» Exercise directions
Reproduce the records exactly. Leave the pictures out.

» Data for analysis
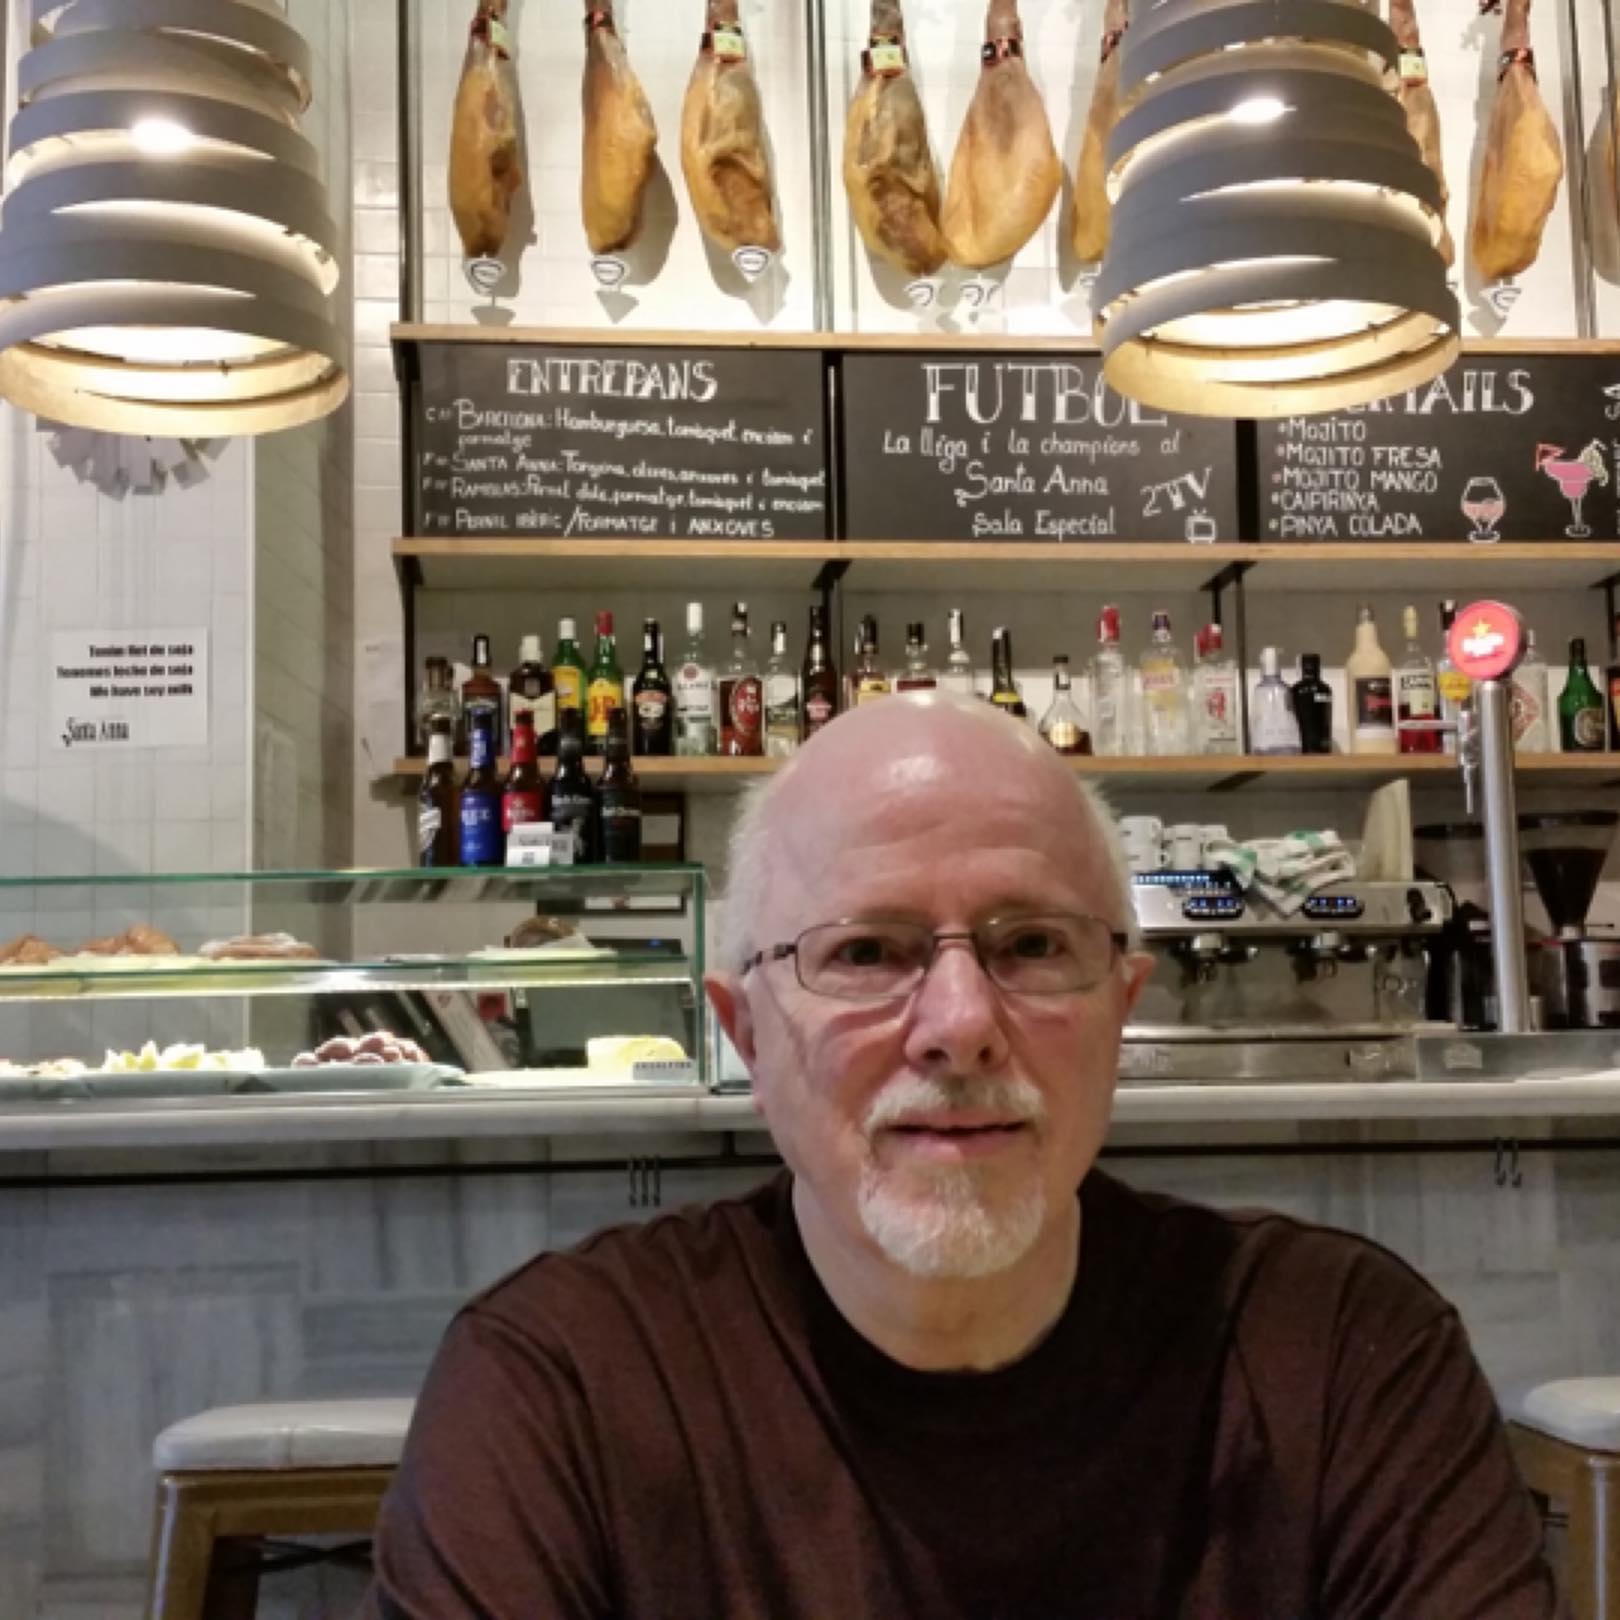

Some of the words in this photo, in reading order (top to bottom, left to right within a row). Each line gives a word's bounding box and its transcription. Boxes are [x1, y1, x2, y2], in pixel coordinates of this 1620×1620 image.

[507, 359, 718, 402] ENTREPANS
[884, 430, 910, 454] La
[980, 431, 992, 454] i
[1007, 428, 1030, 454] la
[1040, 431, 1141, 465] champions
[1160, 430, 1182, 453] al
[1285, 443, 1363, 467] MOJITO
[1370, 446, 1443, 469] FRESA
[954, 459, 1036, 508] Santa
[1043, 465, 1109, 496] Anna
[1283, 468, 1359, 491] MOJITO
[1370, 470, 1438, 493] MANGO
[687, 516, 776, 539] ANXOVES
[972, 508, 1023, 537] Sala
[1035, 506, 1117, 541] Especial
[1280, 515, 1339, 538] PINYA
[1349, 513, 1424, 537] COLADA

» Your response
Some of the words in this photo, in reading order (top to bottom, left to right within a row). Each line gives a word's bounding box and its transcription. Boxes are [x1, y1, x2, y2], in pixel coordinates of this 1620×1620 image.

[507, 359, 718, 402] ENTREPANS
[884, 430, 910, 454] La
[980, 431, 992, 454] i
[1007, 428, 1030, 454] la
[1040, 431, 1141, 465] champions
[1160, 430, 1182, 453] al
[1285, 443, 1363, 467] MOJITO
[1370, 446, 1443, 469] FRESA
[954, 459, 1036, 508] Santa
[1043, 465, 1109, 496] Anna
[1283, 468, 1359, 491] MOJITO
[1370, 470, 1438, 493] MANGO
[687, 516, 776, 539] ANXOVES
[972, 508, 1023, 537] Sala
[1035, 506, 1117, 541] Especial
[1280, 515, 1339, 538] PINYA
[1349, 513, 1424, 537] COLADA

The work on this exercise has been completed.